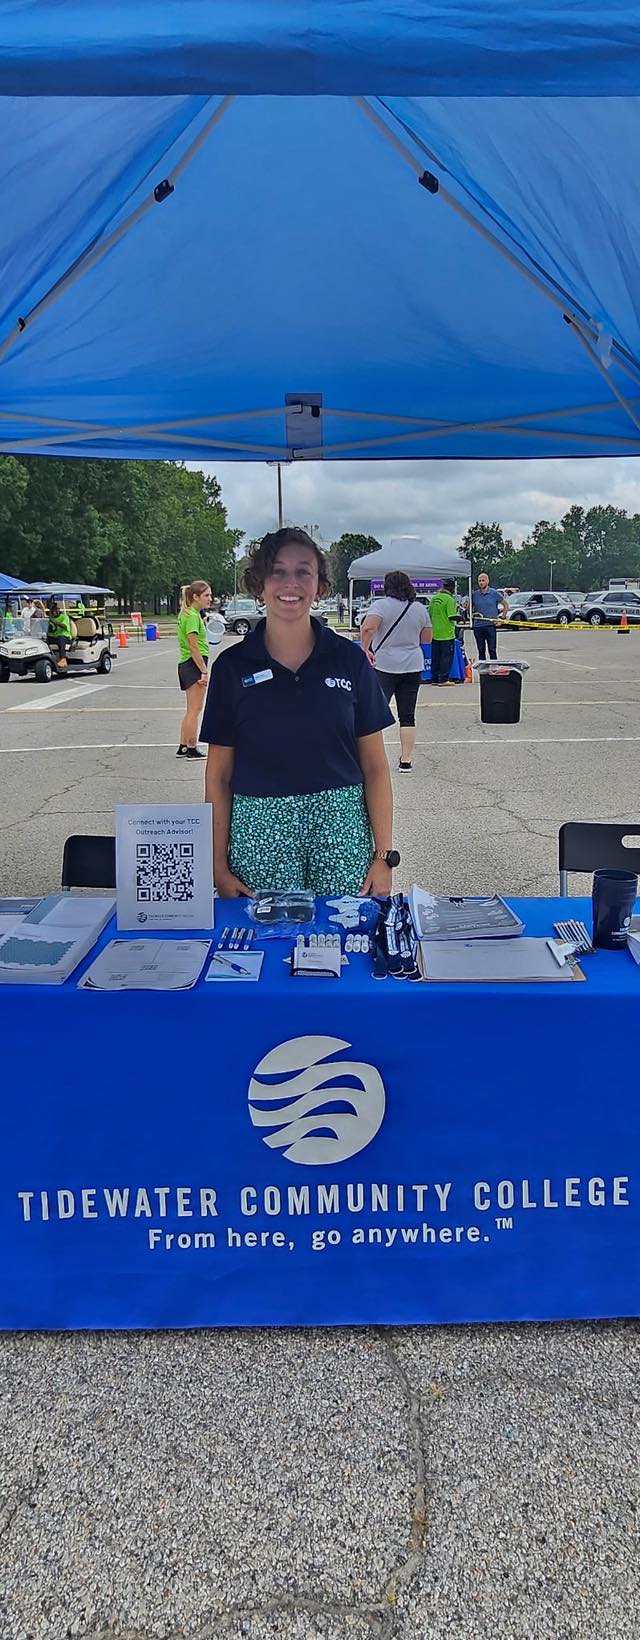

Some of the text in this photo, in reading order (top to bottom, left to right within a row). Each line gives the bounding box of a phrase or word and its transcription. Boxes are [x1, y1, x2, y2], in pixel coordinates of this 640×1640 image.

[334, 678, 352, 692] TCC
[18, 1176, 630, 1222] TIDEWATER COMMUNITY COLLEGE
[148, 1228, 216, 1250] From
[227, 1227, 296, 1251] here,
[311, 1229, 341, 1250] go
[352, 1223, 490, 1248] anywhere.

------------------------

Work required: First drop every picture, then print the data above exactly as it stands.

Answer section:
Some of the text in this photo, in reading order (top to bottom, left to right within a row). Each line gives the bounding box of a phrase or word and its transcription. Boxes are [x1, y1, x2, y2], in pixel coordinates of this 640×1640 image.

[334, 678, 352, 692] TCC
[18, 1176, 630, 1222] TIDEWATER COMMUNITY COLLEGE
[148, 1228, 216, 1250] From
[227, 1227, 296, 1251] here,
[311, 1229, 341, 1250] go
[352, 1223, 490, 1248] anywhere.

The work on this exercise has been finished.